大仲马在《布拉热洛纳子爵》一书里采用了“铁面人”是路易十四的孪生哥哥菲力浦的说法,并且围绕着菲力浦受迫害的经过,编造了一系列扣人心弦的故事,比如阿拉密斯密谋支持菲力浦,设计把菲力浦救出巴士底狱,把真正的路易十四投入监狱,后因富凯的干预,才使路易十四重新坐上王位,等等。作者通过这条主线揭露了一些王室内部勾心斗角的丑事,这些人为了自己的利益,完全不顾父子之情、母子之情、兄弟之情,冷酷残忍,凶狠毒辣,“铁面人”最后被囚圣玛格丽特岛,四顾大海,一片茫茫,自知逃生无望,愤然说自己是一个“被诅咒的人”,这是对他的父母亲和弟弟的控诉。
从《布拉热洛纳子爵》这本书的这三个主要内容里,我们可以看到法国和英国统治阶级集团内部的一些矛盾和斗争以及当时欧洲各个国家之间的政治关系,这些故事多少反映了当时的时代风貌,但是由于作者思想的局限性,他无法写出历史的真正面目。同时为了情节的需要,大仲马常常用自己的想象任意改动许多历史事实,对于一些历史人物的功过是非,他的评价也是不公允的。例如在本书中占重要位置的财政总监富凯,大仲马把他写成一个忠君爱国、高尚文雅、慷慨侠义的人物。由于柯尔培尔的陷害,而受到路易十四不公正的对待。其实在历史上,富凯挥霍国家钱财,侵吞公款,对法国当时的财政陷入困境应该负一定的责任。作者笔下的令人厌恶的柯尔培尔虽然根据厉史叙述,他的确要搞掉富凯,取而代之,可是他担任财政总监以后,在路易十四的支持下,推行重商主义政策,促进了法国资本主义的发展,国库收入大大增加,是个有一定才干的大臣。

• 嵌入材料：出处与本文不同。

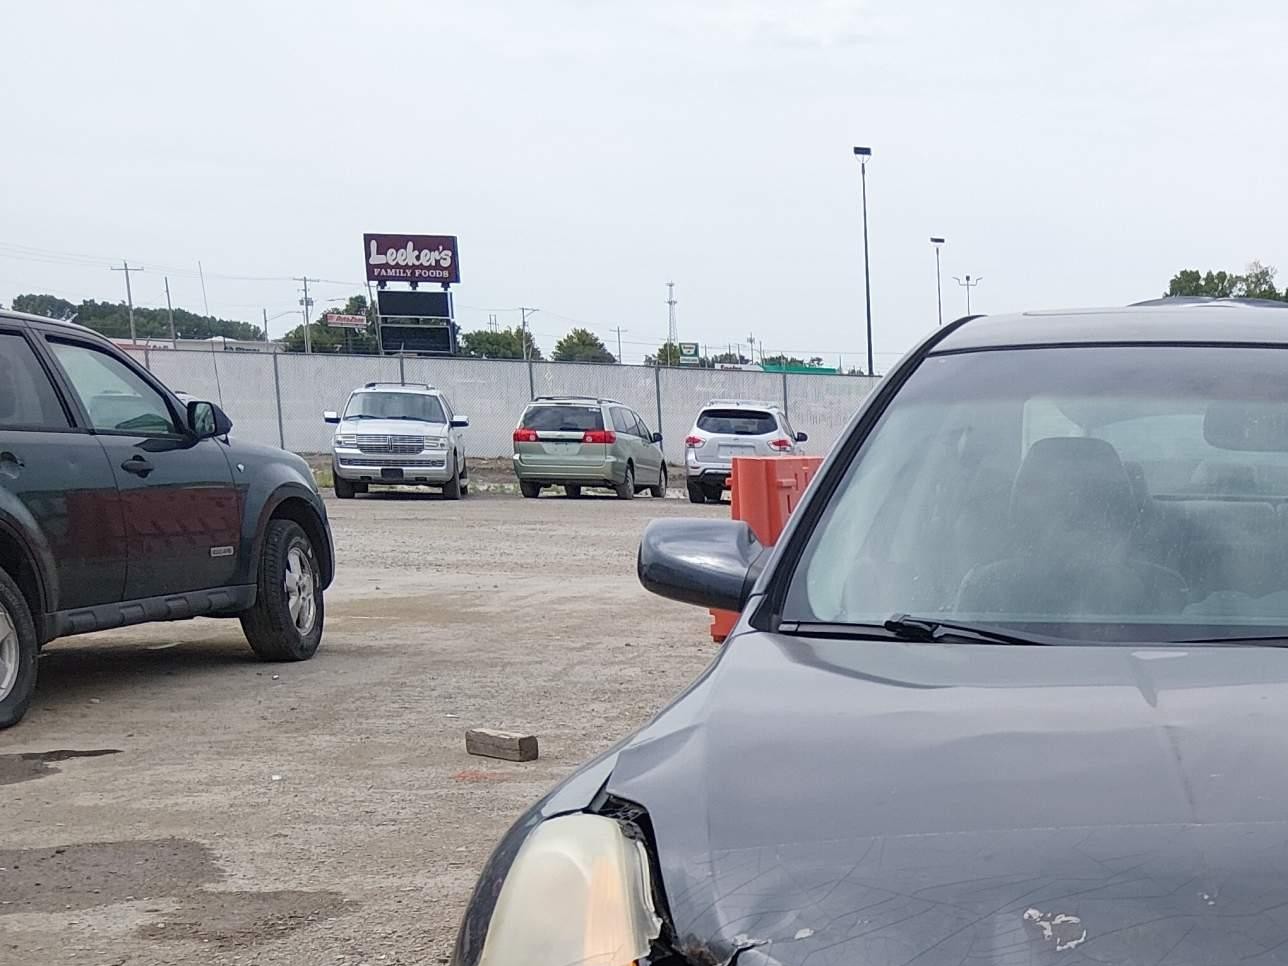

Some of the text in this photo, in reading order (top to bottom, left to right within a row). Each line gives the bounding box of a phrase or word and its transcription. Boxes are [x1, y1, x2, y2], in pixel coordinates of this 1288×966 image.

[369, 239, 452, 267] Leeker's
[373, 268, 449, 278] FAMILY FOODS
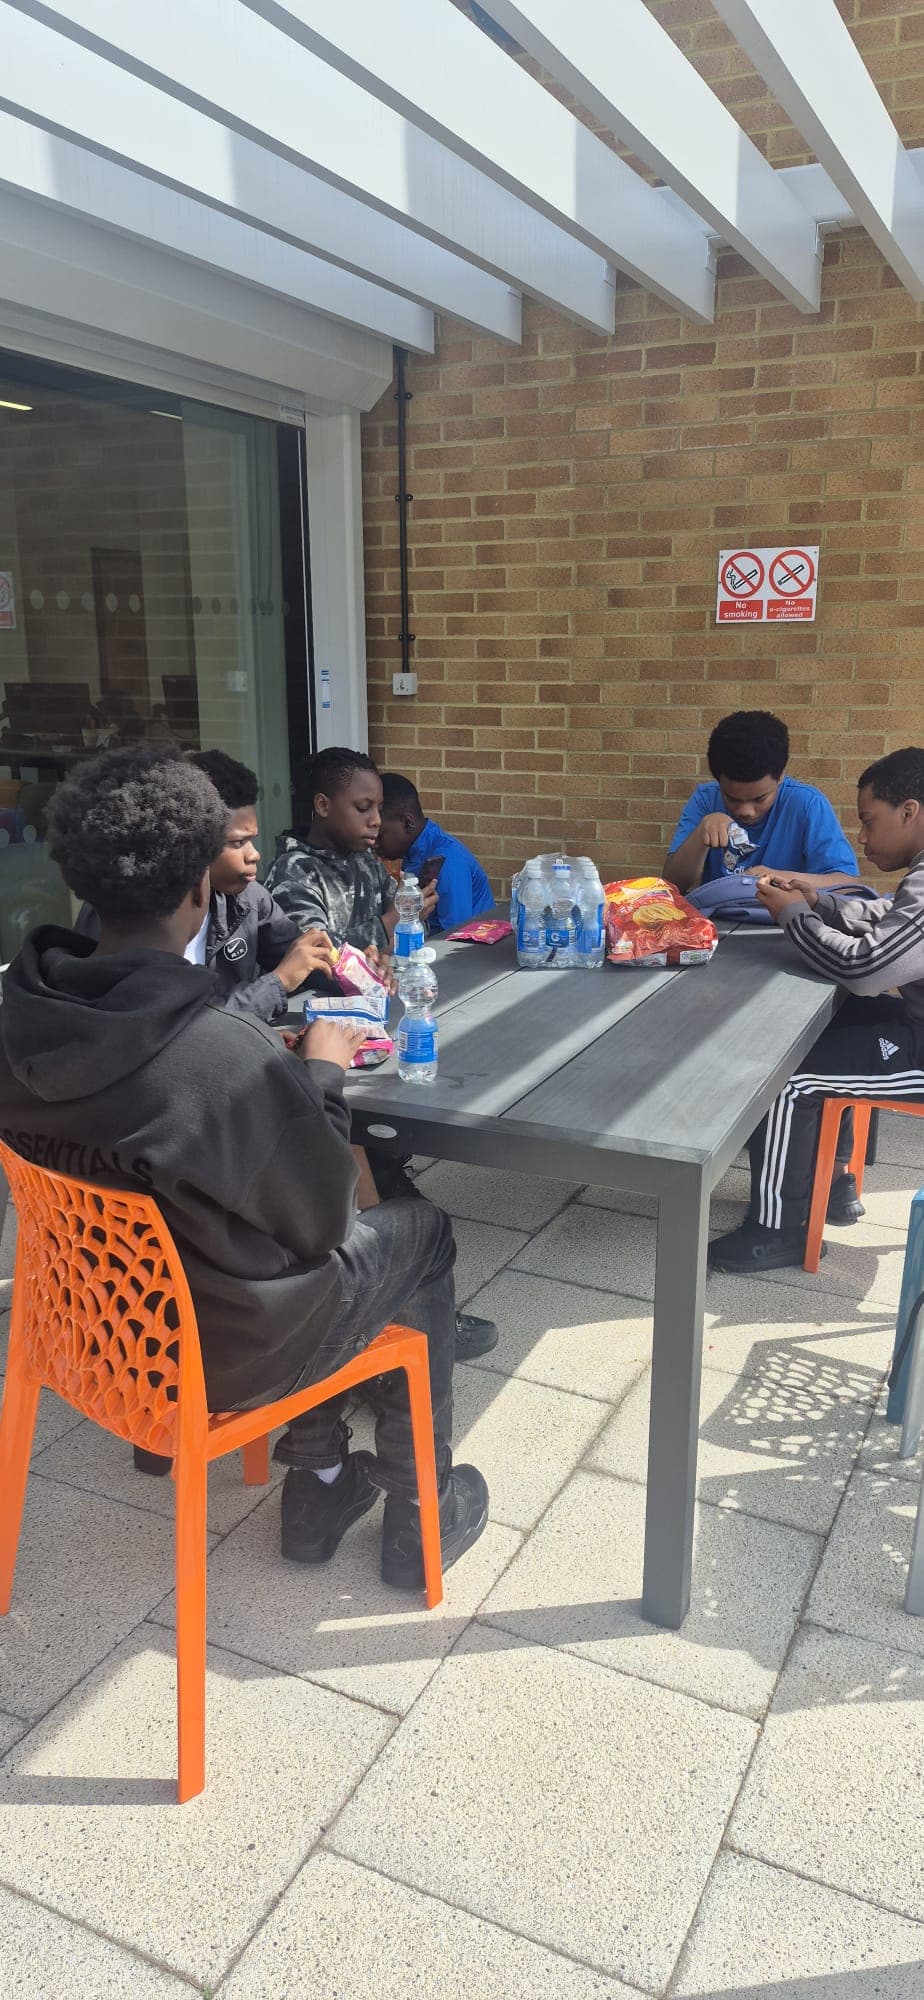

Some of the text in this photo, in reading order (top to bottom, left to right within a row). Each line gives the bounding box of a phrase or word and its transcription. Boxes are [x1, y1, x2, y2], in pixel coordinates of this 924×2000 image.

[735, 601, 747, 609] No
[723, 610, 758, 619] smoking
[879, 1037, 890, 1060] adidas

同《三个火枪手》和《二十年后》相比,本书的篇幅显得长了一些,有些地方写得不够紧凑,有些对话也游离于人物的思想性格之外,但是总的来看,全书还是层次分明,颇有气势的。尤其是小说的最后部分,我们所熟悉的几个主人公的不同结局写得颇为动人,有很强的吸引力。至于达尔大尼央等四位英雄人物的形象,在本书中也依旧象《三个火枪手》和《二十年后》里那样鲜明生动,跃然纸上,而且,他们每个人的性格特点在本书中可以说显得更加完整突出,相信会给读者留下深刻的印象。